(Entries taken from a collection)
--------

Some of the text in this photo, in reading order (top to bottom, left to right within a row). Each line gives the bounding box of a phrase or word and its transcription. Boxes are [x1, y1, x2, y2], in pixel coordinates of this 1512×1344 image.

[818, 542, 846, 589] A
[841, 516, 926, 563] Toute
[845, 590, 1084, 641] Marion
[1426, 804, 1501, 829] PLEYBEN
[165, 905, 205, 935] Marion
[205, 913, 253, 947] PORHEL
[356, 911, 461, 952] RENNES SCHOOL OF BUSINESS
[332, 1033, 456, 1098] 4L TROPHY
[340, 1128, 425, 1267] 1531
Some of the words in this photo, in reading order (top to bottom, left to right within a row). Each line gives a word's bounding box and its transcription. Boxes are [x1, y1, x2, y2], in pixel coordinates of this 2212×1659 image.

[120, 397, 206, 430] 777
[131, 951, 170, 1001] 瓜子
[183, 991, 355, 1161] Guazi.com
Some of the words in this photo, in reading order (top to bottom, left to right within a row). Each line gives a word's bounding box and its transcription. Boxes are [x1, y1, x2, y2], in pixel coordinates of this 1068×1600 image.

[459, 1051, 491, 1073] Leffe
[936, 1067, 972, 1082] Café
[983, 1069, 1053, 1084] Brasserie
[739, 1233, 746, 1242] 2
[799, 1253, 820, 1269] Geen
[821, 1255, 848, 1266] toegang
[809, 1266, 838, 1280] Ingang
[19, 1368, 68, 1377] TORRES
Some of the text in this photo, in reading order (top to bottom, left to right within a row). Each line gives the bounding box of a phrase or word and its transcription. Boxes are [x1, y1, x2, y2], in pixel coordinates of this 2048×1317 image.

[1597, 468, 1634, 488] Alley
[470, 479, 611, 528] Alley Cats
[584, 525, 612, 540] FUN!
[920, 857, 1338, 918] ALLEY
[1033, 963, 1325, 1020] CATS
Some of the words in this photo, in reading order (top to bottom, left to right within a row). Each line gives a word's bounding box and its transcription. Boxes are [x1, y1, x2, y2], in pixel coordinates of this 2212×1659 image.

--------

Assigned task – Word for word, retype the lines from the one containing "this 1068×1600 image." through the final line of the data, including both ends and nothing more.

Response to the exercise –
Some of the words in this photo, in reading order (top to bottom, left to right within a row). Each line gives a word's bounding box and its transcription. Boxes are [x1, y1, x2, y2], in pixel coordinates of this 1068×1600 image.

[459, 1051, 491, 1073] Leffe
[936, 1067, 972, 1082] Café
[983, 1069, 1053, 1084] Brasserie
[739, 1233, 746, 1242] 2
[799, 1253, 820, 1269] Geen
[821, 1255, 848, 1266] toegang
[809, 1266, 838, 1280] Ingang
[19, 1368, 68, 1377] TORRES
Some of the text in this photo, in reading order (top to bottom, left to right within a row). Each line gives the bounding box of a phrase or word and its transcription. Boxes are [x1, y1, x2, y2], in pixel coordinates of this 2048×1317 image.

[1597, 468, 1634, 488] Alley
[470, 479, 611, 528] Alley Cats
[584, 525, 612, 540] FUN!
[920, 857, 1338, 918] ALLEY
[1033, 963, 1325, 1020] CATS
Some of the words in this photo, in reading order (top to bottom, left to right within a row). Each line gives a word's bounding box and its transcription. Boxes are [x1, y1, x2, y2], in pixel coordinates of this 2212×1659 image.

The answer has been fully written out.